Breakfast: ½ chicken sandwich, 1/3 cup yogurt with berries
Lunch: 1 chicken sandwich, small bowl applesauce
Snack: An incredibly yummy dark chocolate, almond, caramel cluster that came in the mail today from a friend.
Supper: Three pieces cinnamon bread (made by my daughter), small ham and cheese omelet, celery
Snack: strawberry orange smoothie (about 6 oz.)

My boundaries are three meals and one snack so, technically, the only time I broke my boundaries today was with the smoothie. However, I hadn’t planned on eating the chocolate for a snack. I was planning on having a piece of cinnamon bread when it came out of the oven and another for supper - but when I opened the envelope with that yummy chocolate cluster I couldn’t resist, and I ate it right away.

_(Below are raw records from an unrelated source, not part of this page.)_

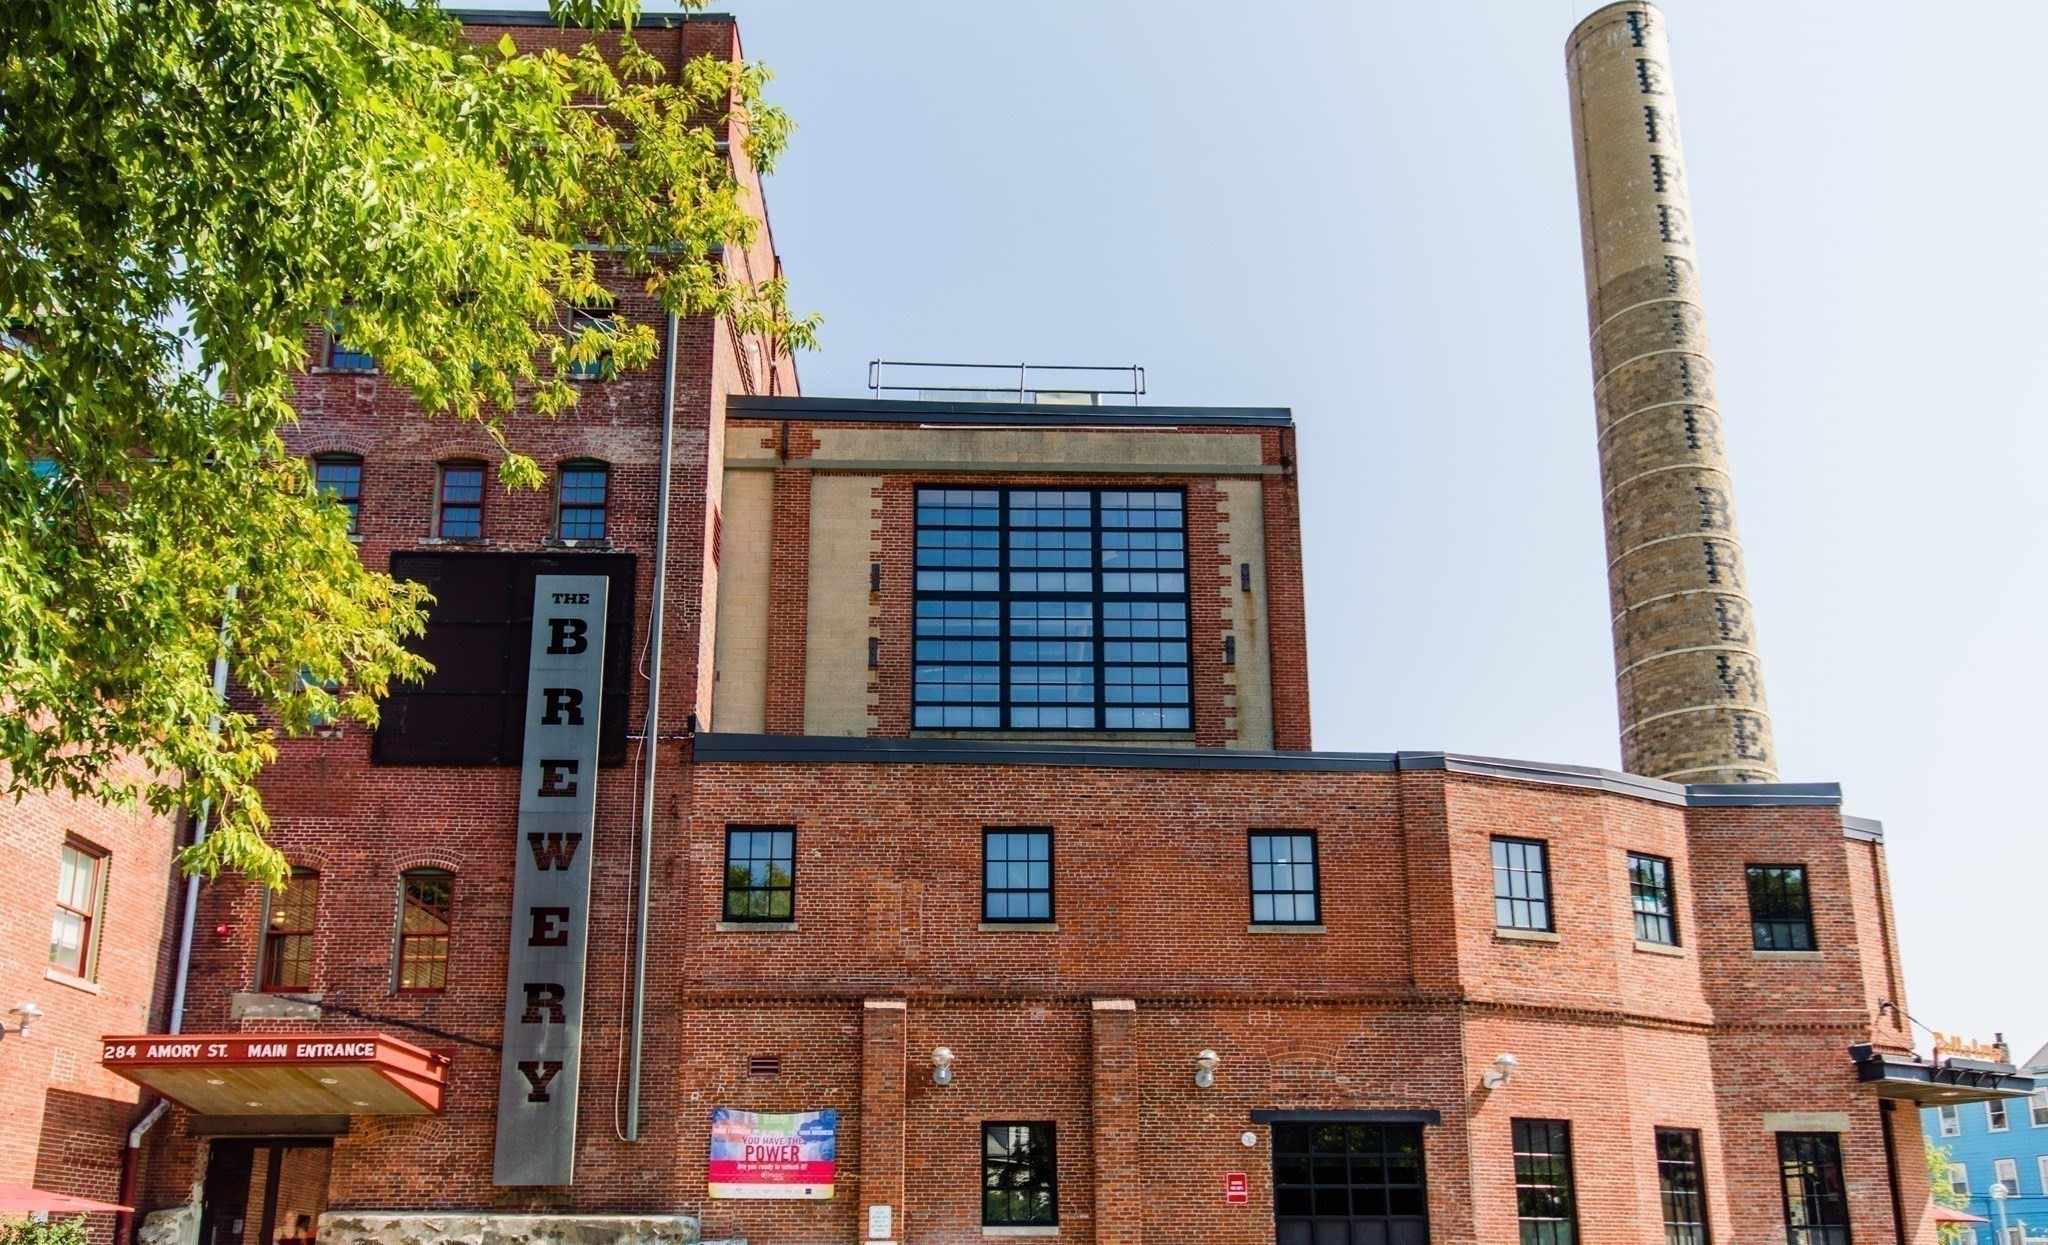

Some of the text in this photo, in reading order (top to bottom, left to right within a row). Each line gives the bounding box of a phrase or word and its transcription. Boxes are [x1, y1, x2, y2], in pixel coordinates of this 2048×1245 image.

[552, 593, 590, 605] THE
[517, 618, 590, 1103] BREWERY
[103, 1042, 375, 1059] 284 AMORY ST. MAIN ENTRANCE
[743, 1137, 804, 1145] YOU HAVE THE
[745, 1145, 800, 1162] POWER
[758, 1163, 774, 1171] ready
[800, 1163, 808, 1171] it?
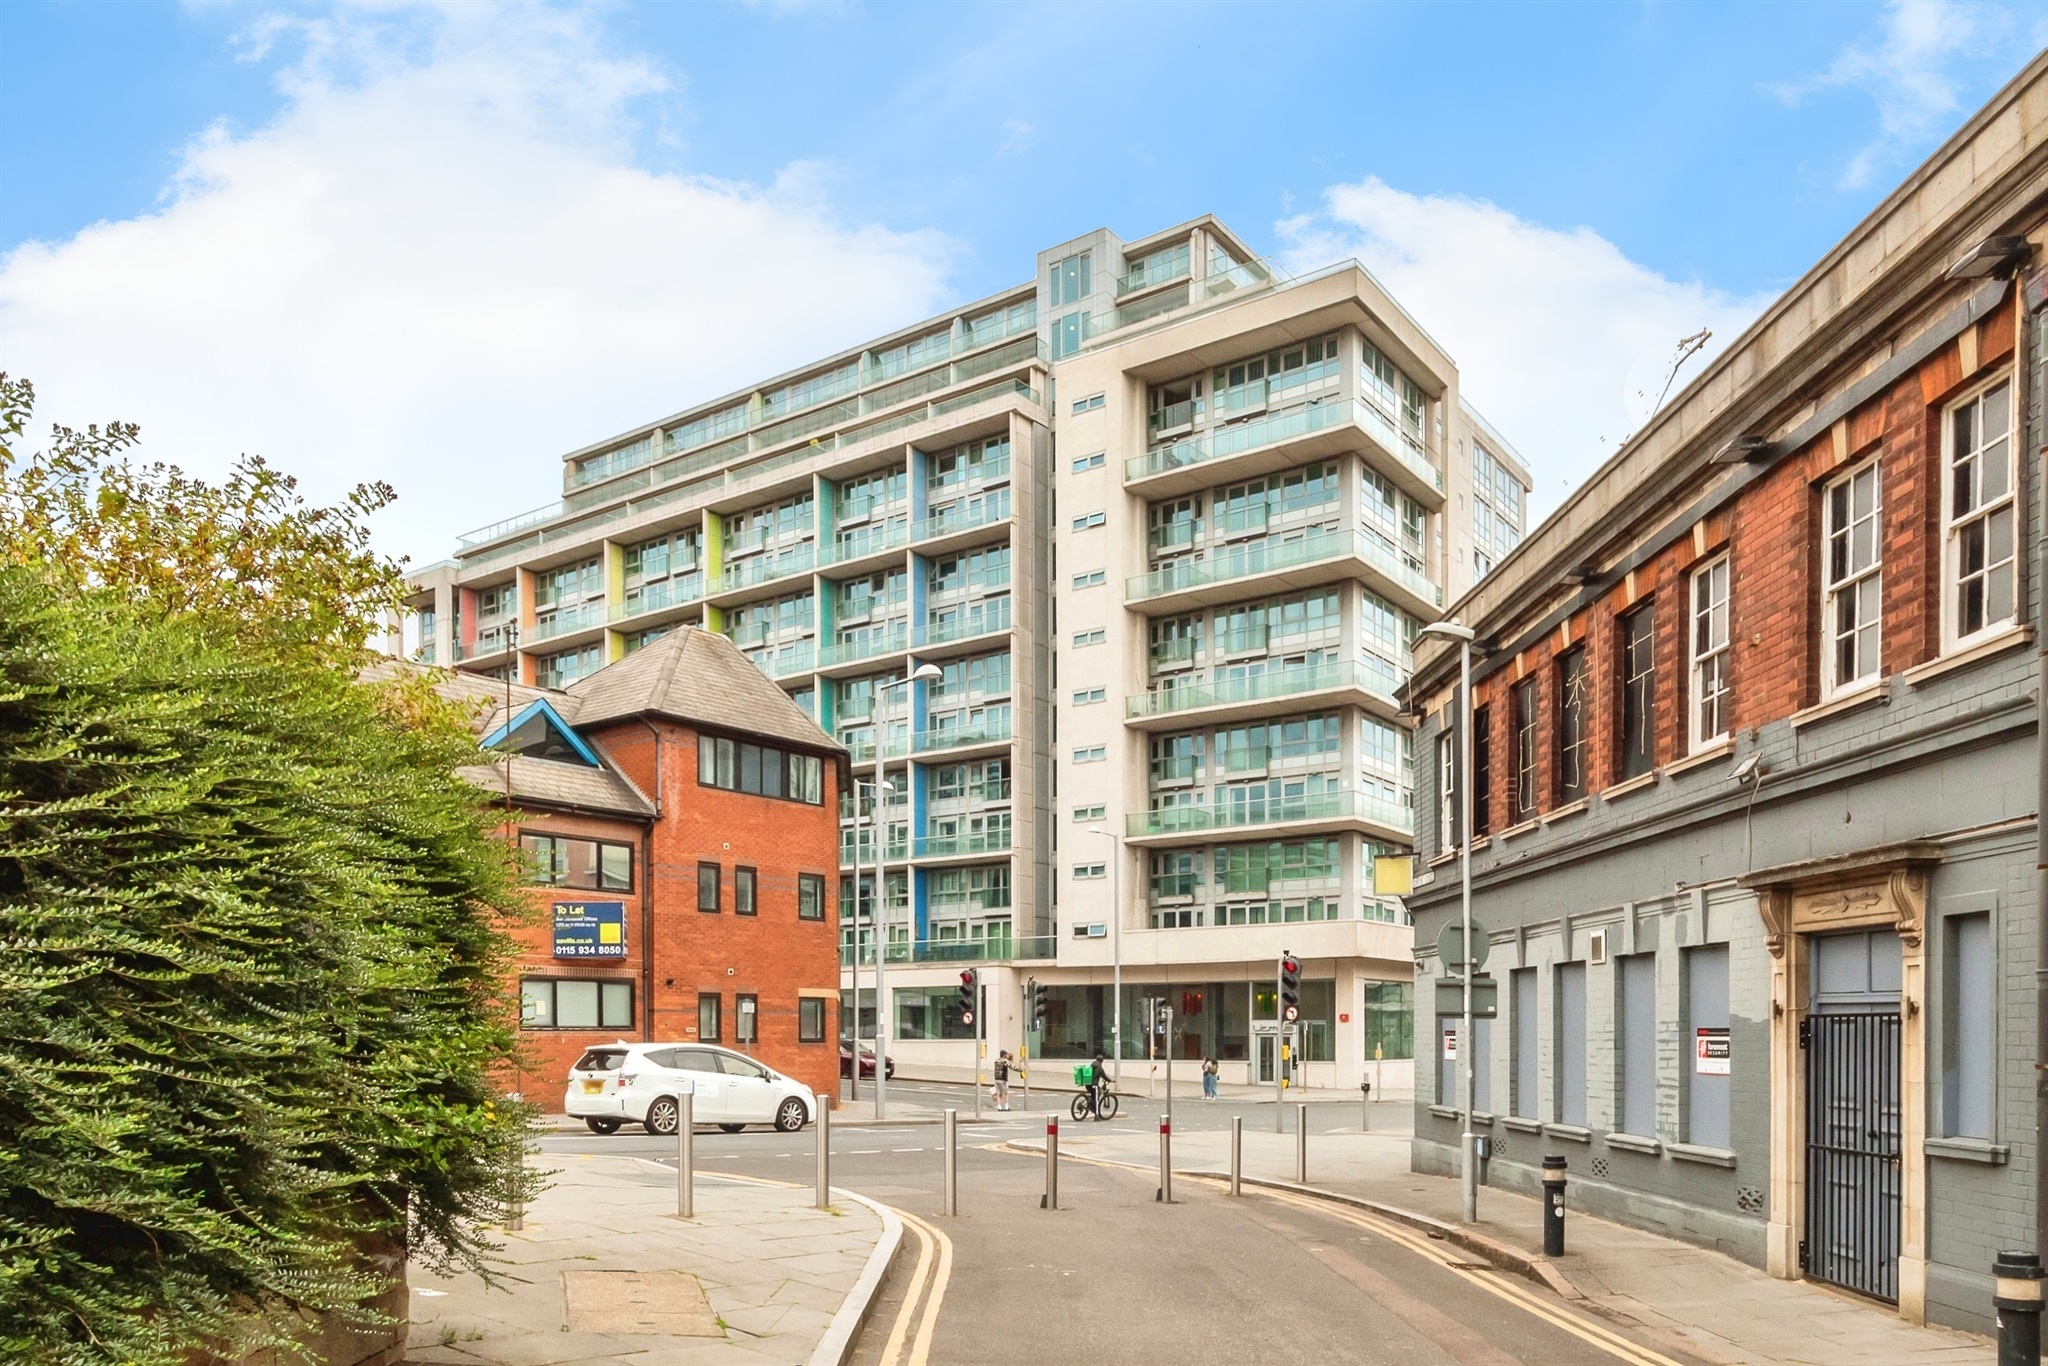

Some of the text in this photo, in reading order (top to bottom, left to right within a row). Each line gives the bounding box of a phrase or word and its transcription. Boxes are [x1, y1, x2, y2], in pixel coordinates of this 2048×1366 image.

[556, 905, 585, 914] To Let
[556, 946, 621, 954] 0115 934 8050
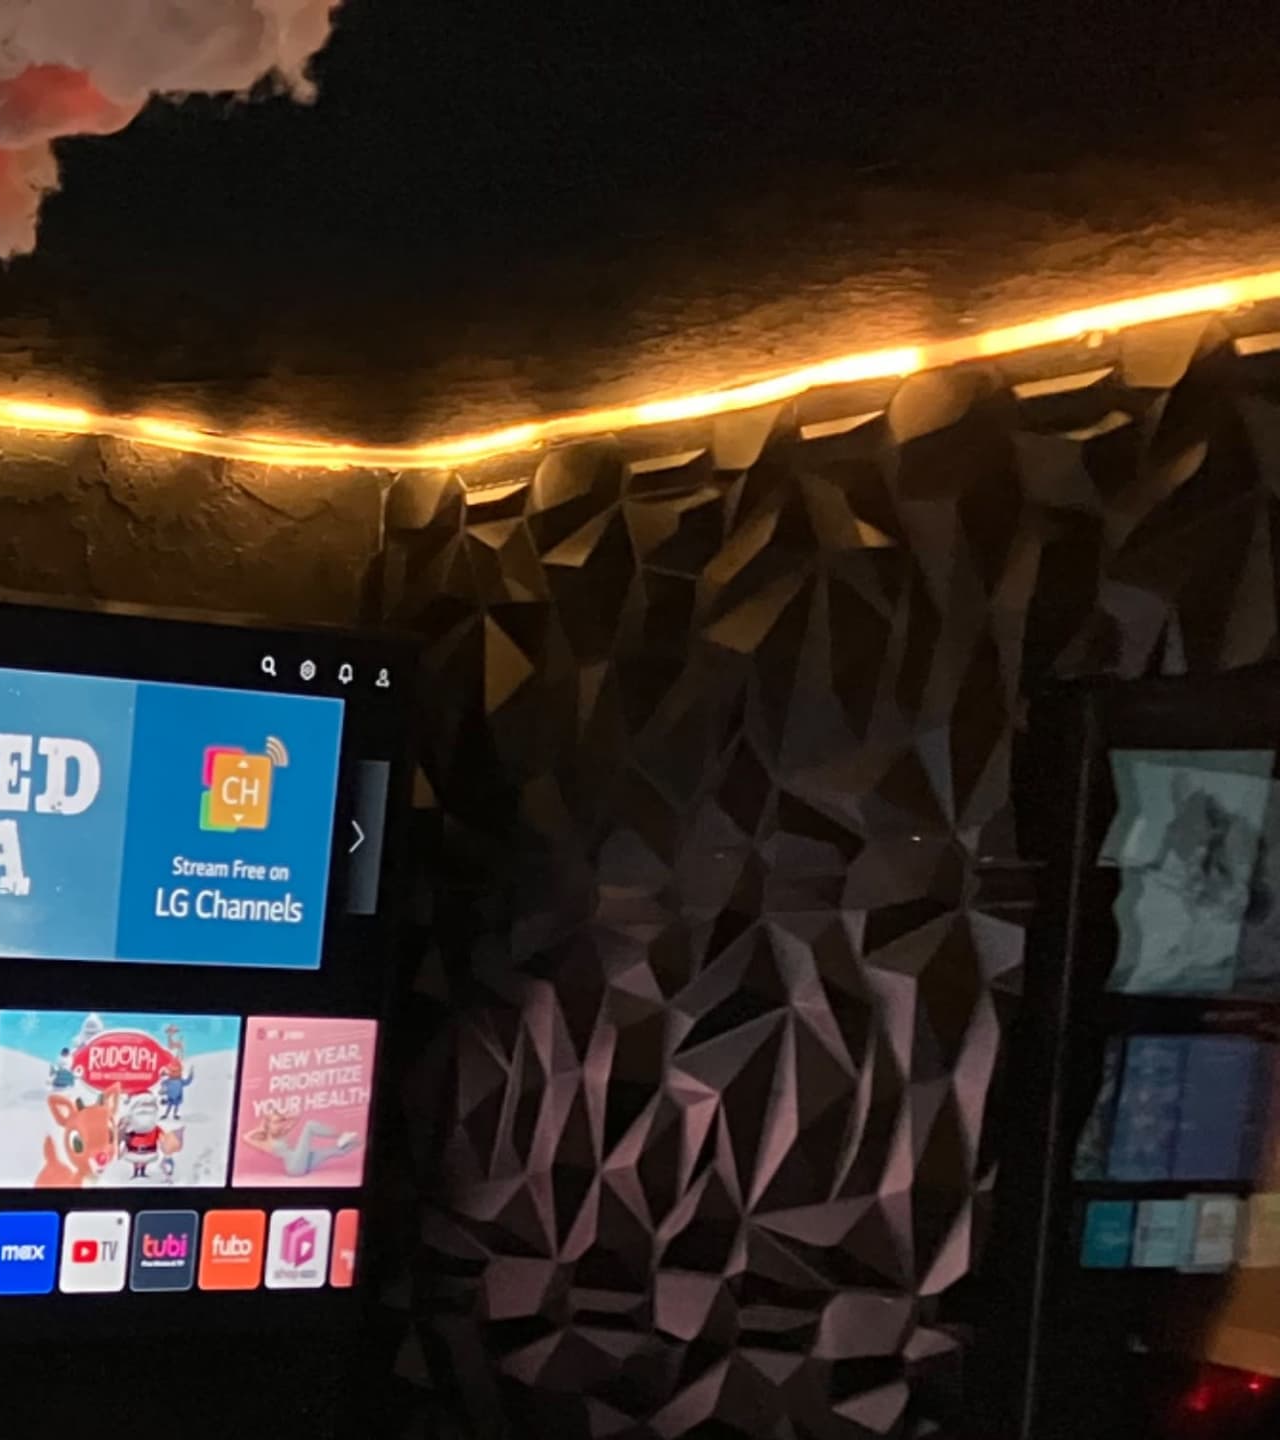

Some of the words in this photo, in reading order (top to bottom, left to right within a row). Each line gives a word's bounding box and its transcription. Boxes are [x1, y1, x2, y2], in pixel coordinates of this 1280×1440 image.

[221, 776, 259, 805] CH
[173, 857, 229, 880] Stream
[233, 860, 265, 880] Free
[270, 866, 289, 881] on
[156, 888, 189, 918] LG
[195, 890, 302, 922] Channels
[88, 1046, 157, 1072] RUDOLPH
[269, 1049, 310, 1072] NEW
[269, 1065, 362, 1093] PRIORITIZE
[252, 1095, 301, 1117] YOUR
[304, 1087, 369, 1111] HEALTH
[1, 1244, 45, 1261] max
[101, 1241, 119, 1260] TV
[142, 1234, 188, 1258] tubi
[211, 1234, 253, 1256] fubo

So what did I journal about? The chocolate and the third piece of cinnamon bread. Even though neither one was a technical breaking of the boundaries, both of them were indulgent eating occasions, and I knew I would be facing more temptation tomorrow (lunch with friends and more cinnamon bread in the house). I knew I needed to bring my thoughts captive to Christ tonight if I wanted to glorify Him in my eating tomorrow.

Let me show you how I journaled it:

Chocolate: 1. I have to have this right now because it looks so good.
Truth: I have to go truth journal or pray Scripture or get someone to hide this right now because it looks so good, and it will be better for me not to have it.

Cinnamon bread: 1. I should have one more piece of cinnamon bread. 2. It’s so good it’s worth having one more. 3. It’s okay to have three (it’s just one more piece, after all).

Truth:
1. I should stick to my original plan. When I break my boundaries, I almost always end up eating more than I want to eat. I can never get enough cinnamon bread to satisfy me in this situation. I’ll always want more (unless I eat enough to get sick, of course). Since I’ll always want more, I should stop not when I’ve had enough (because that will never happen), but when it’s a reasonable amount.** 2. It’s never good enough to stuff myself and feel uncomfortable for! 3. Although it’s okay to have three pieces, it’s not wise to have three pieces.

**Note: There are many times when I do feel satisfied with a small amount of a sweet, but not when I’m in an indulgent mood like I was at dinner!

Now here’s the funny thing—I was doing the truth journaling while I was drinking the smoothie, and you know what? As I was writing, I was thinking oh, it’s never good enough to stuff myself; I don’t think I’ll have the rest of this smoothie because I don’t want to feel stuffed. And then I gave the rest of the smoothie to my son (don’t worry, he’s a healthy eater!).

I am now ready to go to bed, and I’m not worrying about breaking my boundaries tomorrow. There’s still cinnamon bread in the house, and I don’t even want a piece. God has used the truth to take away my wrong desires and replace them with holy desires. It was worth truth journaling tonight.

P.S. Did you notice I didn't condemn myself for breaking my boundaries or say things like, "I can never stick to this"? The only reason I didn't say those things to myself, is because I don't actually believe those things anymore. And the only reason I don't believe them anymore is because I truth journaled thoughts like that so many times in the beginning that the truth is ground into my head!